Canadian companies will “pounce” on deals in the US once they are legally allowed to, says a mergers and acquisitions (M&A) expert.

As the marijuana market continues its work of expansion and development, M&A’s have dominated conversation in the space this year.


Dena Jalbert, founder and CEO of Align Business Advisory Services a firm aiding companies on M&A activity, told the Investing News Network (INN) as the US cannabis market opens up, Canadian companies will benefit from the experience and capital gained to fully enter the space.

“[Canadian cannabis companies] just have a knowledge share that US businesses don’t have yet and they have capital,” Jalbert said.

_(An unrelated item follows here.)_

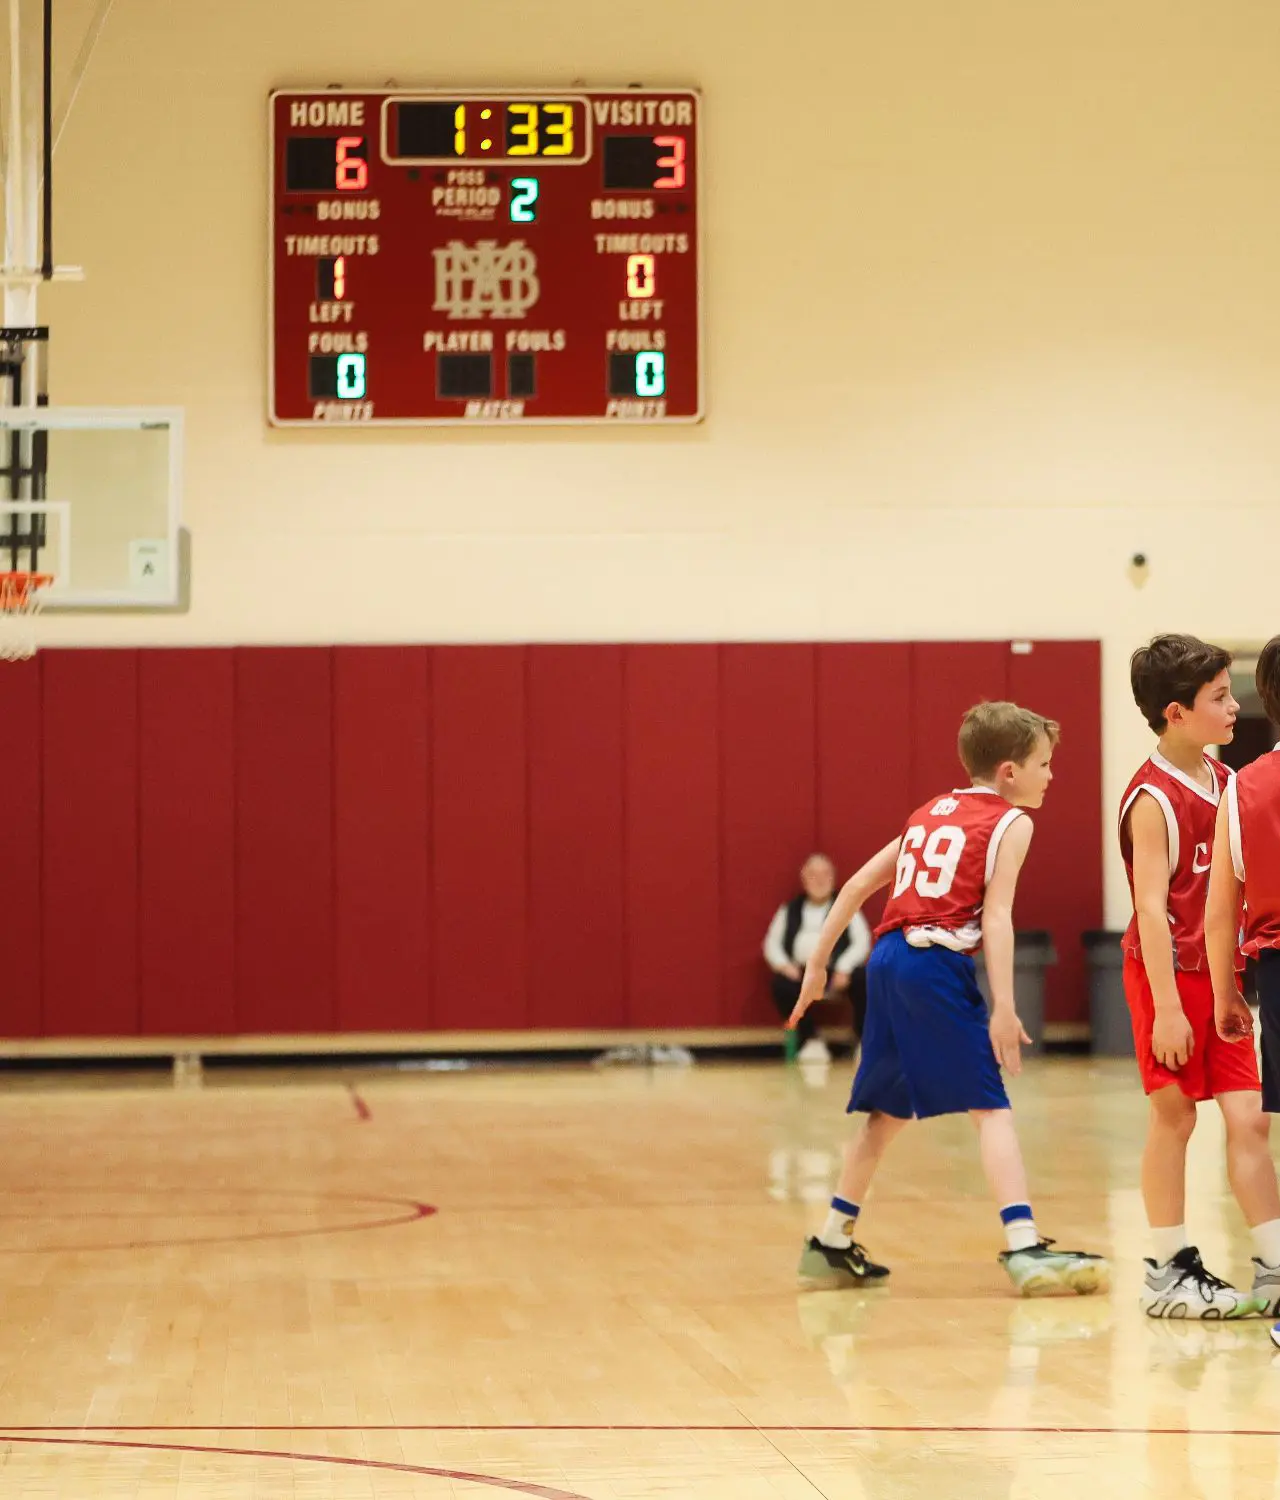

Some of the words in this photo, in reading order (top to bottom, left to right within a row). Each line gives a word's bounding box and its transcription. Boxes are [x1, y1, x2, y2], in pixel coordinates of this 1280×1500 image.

The US market remains off limits for Canadian cannabis companies publicly traded on TMX Group-operated exchanges due to restrictions placed by the regulators.

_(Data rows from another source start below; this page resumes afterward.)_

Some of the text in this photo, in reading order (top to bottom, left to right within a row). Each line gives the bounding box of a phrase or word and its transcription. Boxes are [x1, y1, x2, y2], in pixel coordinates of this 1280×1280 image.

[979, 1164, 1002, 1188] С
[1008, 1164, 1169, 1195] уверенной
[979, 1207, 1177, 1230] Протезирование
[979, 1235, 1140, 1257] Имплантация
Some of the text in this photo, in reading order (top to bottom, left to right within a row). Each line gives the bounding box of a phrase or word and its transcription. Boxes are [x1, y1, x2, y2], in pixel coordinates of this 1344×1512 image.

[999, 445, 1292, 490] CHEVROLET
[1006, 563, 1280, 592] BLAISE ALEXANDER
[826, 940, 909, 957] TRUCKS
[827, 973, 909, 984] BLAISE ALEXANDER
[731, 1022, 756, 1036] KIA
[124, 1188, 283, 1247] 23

Canadian investors have gained access to the US cannabis space through investments on the Canadian Securities Exchange (CSE), thanks to its decision to not block listings from companies pursuing interest in legal cannabis states.

“In the US, because it’s still so regulated, there’s not a lot of capital flowing and that’s a restriction,” Jalbert said.

The advisor added larger issuers from the US market will be able to perform M&A through the cash positions built up in the market.

The size of deals for CSE-listed US multi-state operators has continued to grow as the business play continues to gains popularity for US and Canadian investors.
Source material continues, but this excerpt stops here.